+++ GIVEN ENTRIES +++

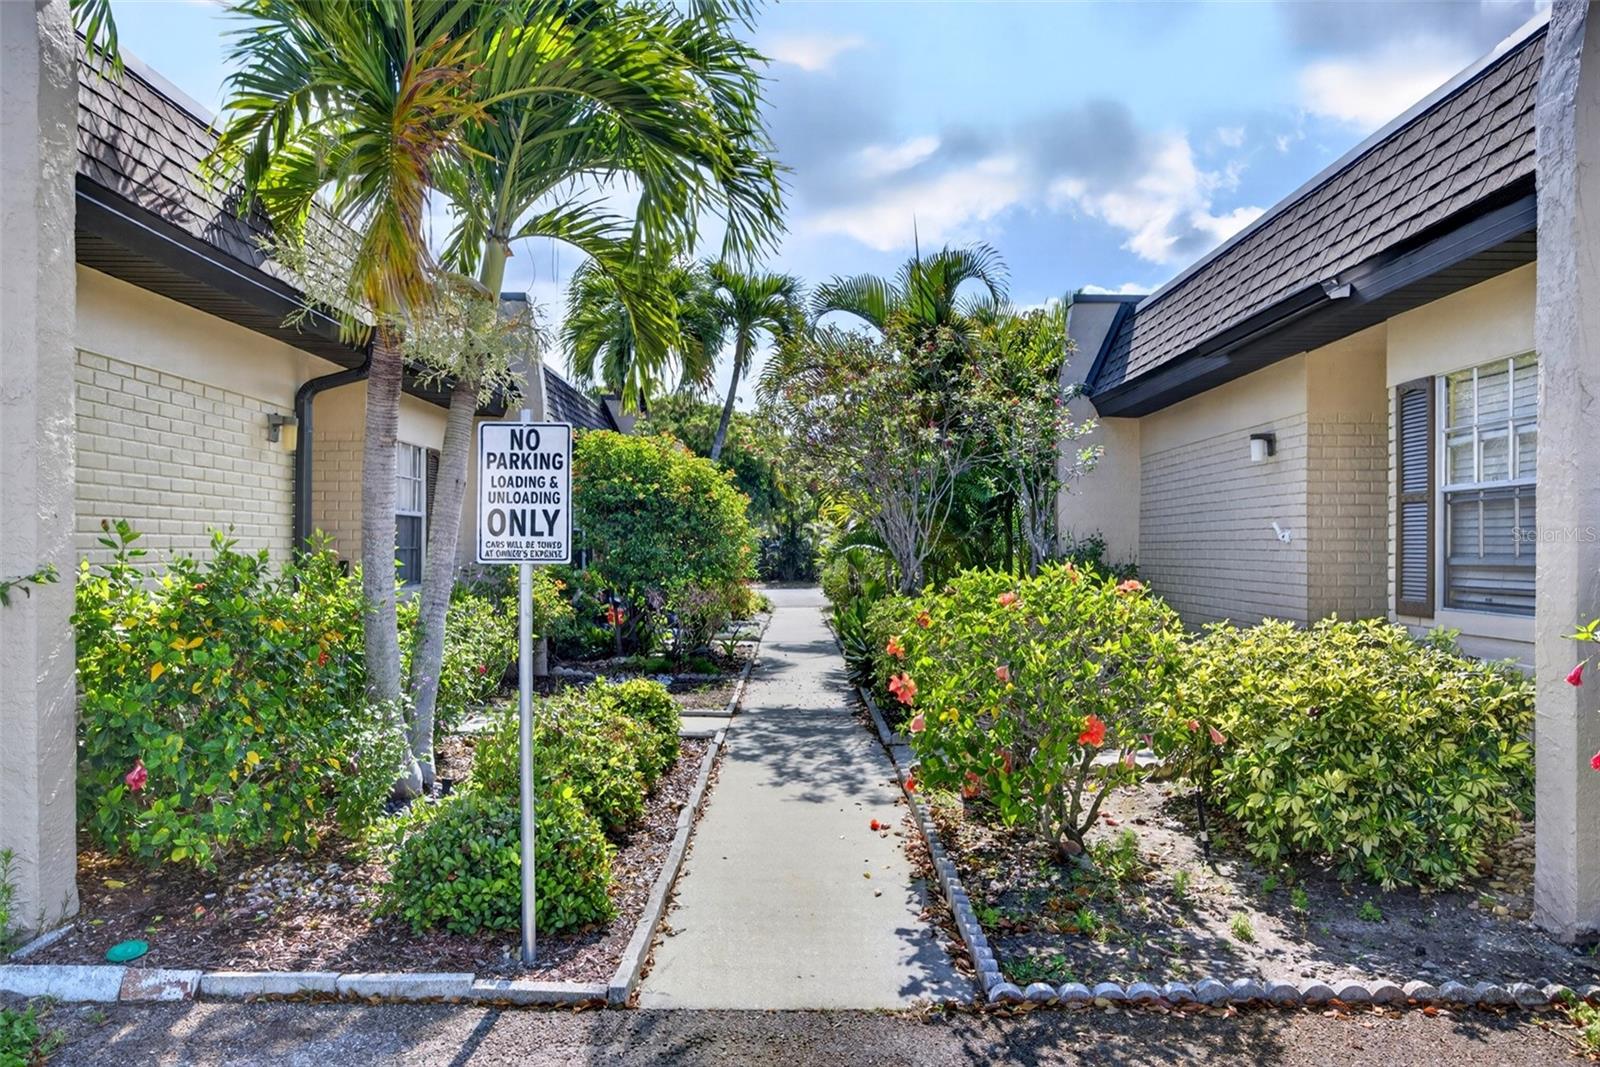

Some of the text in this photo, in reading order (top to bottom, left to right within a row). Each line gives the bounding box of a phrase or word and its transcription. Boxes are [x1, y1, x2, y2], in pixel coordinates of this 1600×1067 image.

[510, 428, 540, 451] NO
[486, 452, 563, 470] PARKING
[491, 475, 558, 488] LOADING &
[488, 491, 560, 504] UNLOADING
[487, 508, 560, 537] ONLY
[506, 541, 523, 549] WILL
[525, 541, 535, 549] BE
[537, 541, 562, 549] TOWED
[529, 550, 562, 558] EXPENSE

+++

* _WORK ITEM_
Write the records above out again exactly, but not the pictures.

* _WORKED SOLUTION_
Some of the text in this photo, in reading order (top to bottom, left to right within a row). Each line gives the bounding box of a phrase or word and its transcription. Boxes are [x1, y1, x2, y2], in pixel coordinates of this 1600×1067 image.

[510, 428, 540, 451] NO
[486, 452, 563, 470] PARKING
[491, 475, 558, 488] LOADING &
[488, 491, 560, 504] UNLOADING
[487, 508, 560, 537] ONLY
[506, 541, 523, 549] WILL
[525, 541, 535, 549] BE
[537, 541, 562, 549] TOWED
[529, 550, 562, 558] EXPENSE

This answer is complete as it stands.